Sus orejas son redondas y grandes, una de las razones por las que se le confunde con ratas y otros roedores, a pesar de ser un marsupial. Los ojos son pequeños y oscuros, adaptados a la visión nocturna más que a la diurna. La cabeza y las orejas son blancas (estas últimas pueden tener una base negra),6 y la nariz es rosa.
Una "máscara" negra cubre los ojos, lo que da a la mofeta de ojos negros un aspecto agresivo. En su cabeza, que se extiende verticalmente desde el centro de los ojos hasta la parte posterior de la cabeza, hay una tercera banda negra.
El cuerpo de la comadreja de ojos negros está cubierto de una capa superior de pelo más larga e irregular, y debajo de ésta una capa inferior más corta y densa.
El color del pelo varía considerablemente debido a la amplia distribución de la especie; las que se encuentran en zonas tropicales y cálidas tienen un color más rojizo o marrón; mientras que las que se encuentran más al sur tienen un color gris o negro, y un pelaje más grueso y frondoso perfectamente adaptado a los duros inviernos de Argentina y Uruguay. Las partes ventrales e inferiores del cuerpo son de color claro (blanco, crema o gris claro).
Las extremidades son robustas y de color negro o rojizo, y tienen la particularidad de que las cuatro tienen manos desnudas con cinco dedos, incluido el pulgar oponible. Esto convierte a la comadreja en uno de los pocos animales fuera de la familia de los primates que tiene manos con pulgares oponibles.
La anatomía de las extremidades, junto con las manos, hacen que la comadreja esté bien adaptada a la vida arbórea permitiéndole trepar a los árboles con facilidad, afirmando la comparación con los primates en un caso de convergencia evolutiva. Las manos son rosadas, con dedos con uñas pequeñas, que crecen desde muy jóvenes, ya que les permiten aferrarse a su madre cuando son pequeños.
La cola es larga y desnuda, otra razón por la que se confunde con la de los roedores. También es una cola prensil adaptada a una vida arborícola, que le permite mantener el equilibrio al caminar sobre troncos, agarrarse a ramas o agarrar pequeños objetos; lo que llevaría a comparaciones con primates más que con roedores.
La base de la cola es toscamente peluda y del mismo color que el cuerpo, volviéndose progresivamente menos peluda y más gruesa hasta llegar aproximadamente a la mitad, donde está desnuda y cubierta por un elemento duro y escamoso.

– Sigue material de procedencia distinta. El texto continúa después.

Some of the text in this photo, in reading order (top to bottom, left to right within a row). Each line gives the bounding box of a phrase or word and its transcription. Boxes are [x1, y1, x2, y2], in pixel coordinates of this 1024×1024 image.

A partir de ahí es de color rosa (también puede ser blanca o gris). La punta de la cola suele ser curvada.
Su dentición es típicamente poliprotodóntica, un grupo de marsupiales sudamericanos muy antiguos que se remontan al Mioceno. Por lo tanto, tienen un total de 50 dientes, dispuestos en la siguiente fórmula: 5/4 (incisivos), 1/1 (caninos), 3/3 (premolares), 4/4 (molares).

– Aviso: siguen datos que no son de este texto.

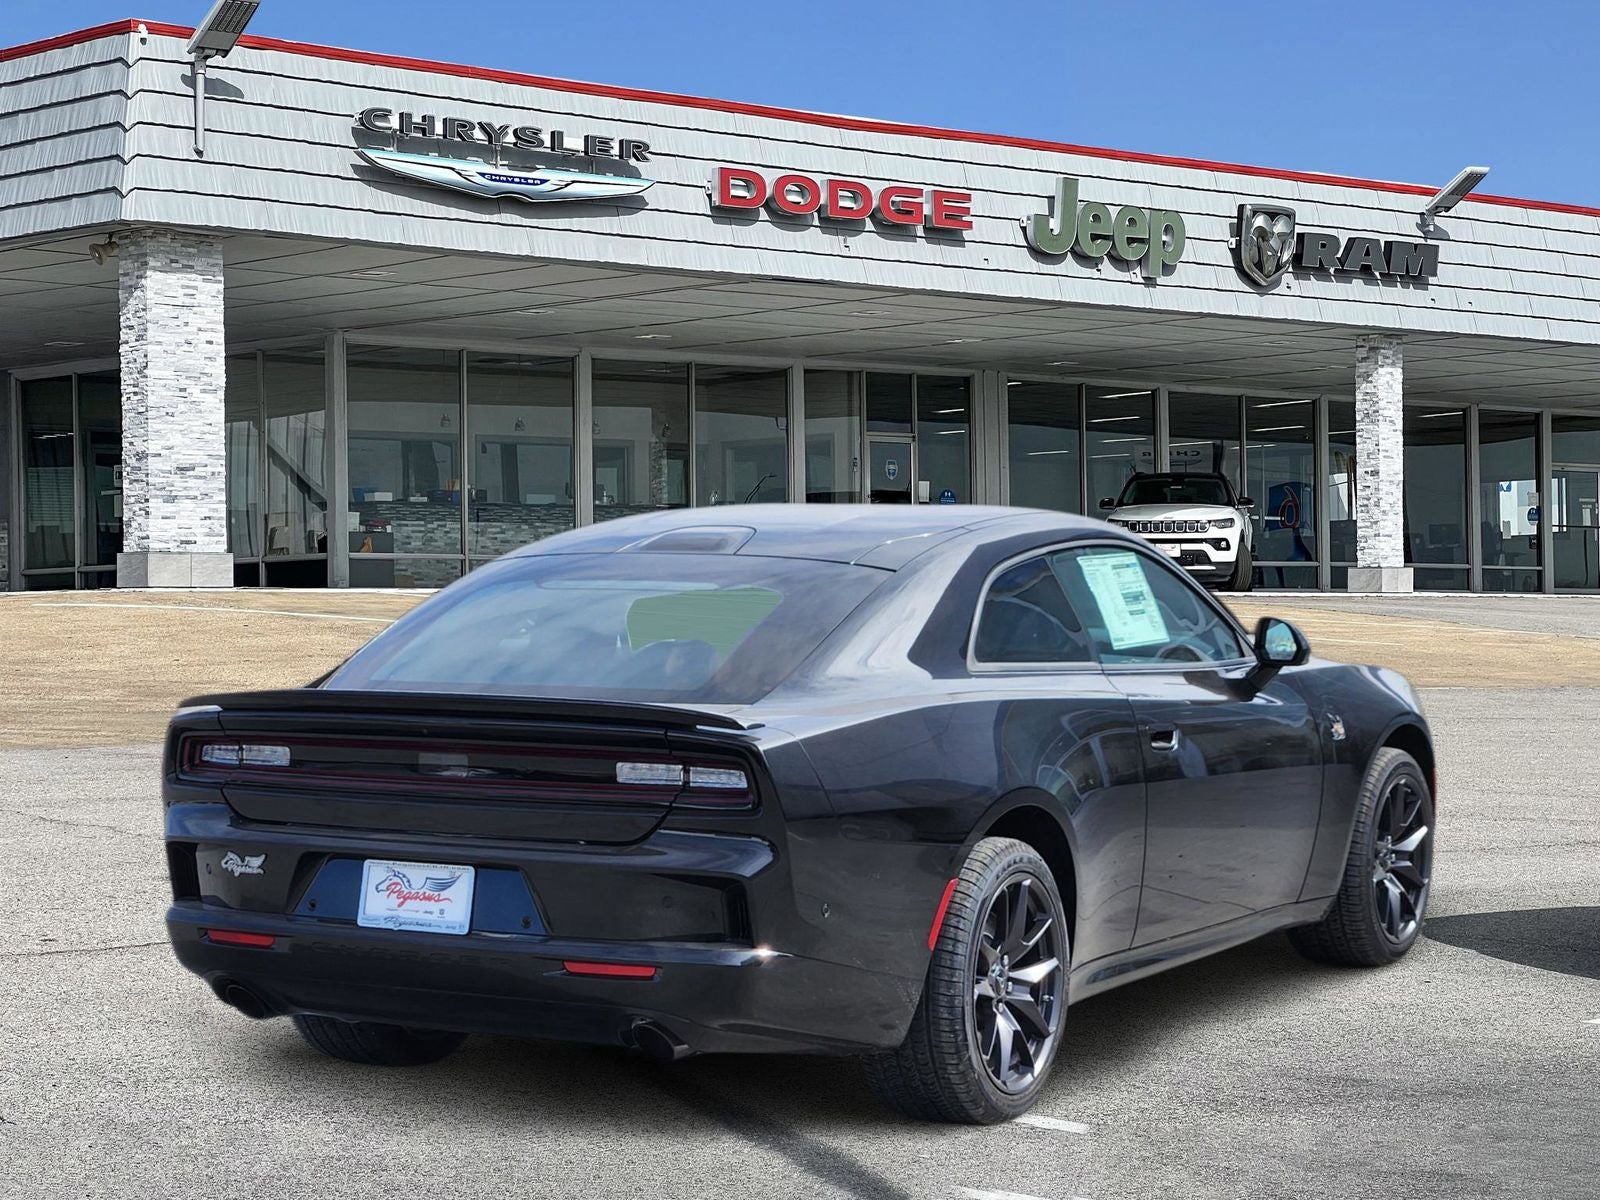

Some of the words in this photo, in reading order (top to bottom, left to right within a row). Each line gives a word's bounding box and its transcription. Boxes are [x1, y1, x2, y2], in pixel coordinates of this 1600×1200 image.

[357, 106, 650, 163] CHRYSLER
[484, 174, 541, 185] CHRYSLER
[713, 166, 973, 230] DODGE
[1027, 177, 1186, 278] Jeep
[1299, 232, 1439, 277] RAM
[386, 881, 453, 908] Pegasus

Los caninos son largos, adaptados para comer carne, mientras que los molares (de forma tricúspide) están preparados para triturar frutas y verduras. Como miembro de los marsupiales, la comadreja de orejas negras tiene una forma craneal diferente, que le permite abrir sus mandíbulas a unos 70°.
Incluso cuando es un embrión, la forma de su cabeza y sus extremidades se encuentra en un estado de desarrollo muy avanzado en comparación con otros mamíferos, porque necesita arrastrarse hasta la ubre de su madre, y para ello debe tener formas anatómicamente capaces.
Las hembras tienen una bolsa en el vientre con ubres en su interior, el marsupio, donde sus crías continúan su desarrollo tras el nacimiento, hasta que son lo suficientemente capaces de subirse a la espalda de su madre.
Otra herencia de los marsupiales es que las hembras tienen 3 vaginas, la del medio es donde nacen las crías y donde terminan los tractos urinario y digestivo, mientras que las otras 2 laterales son las que actúan en la fecundación y conducen a diferentes cámaras uterinas (aunque todas las crías nacen finalmente por la vagina del medio).
Los machos tienen un pene bifurcado, cuyas dos glándulas entran en las dos vaginas de la hembra durante el coito, y otra cavidad que, al igual que la vagina media de la hembra, termina el aparato digestivo y el urinario.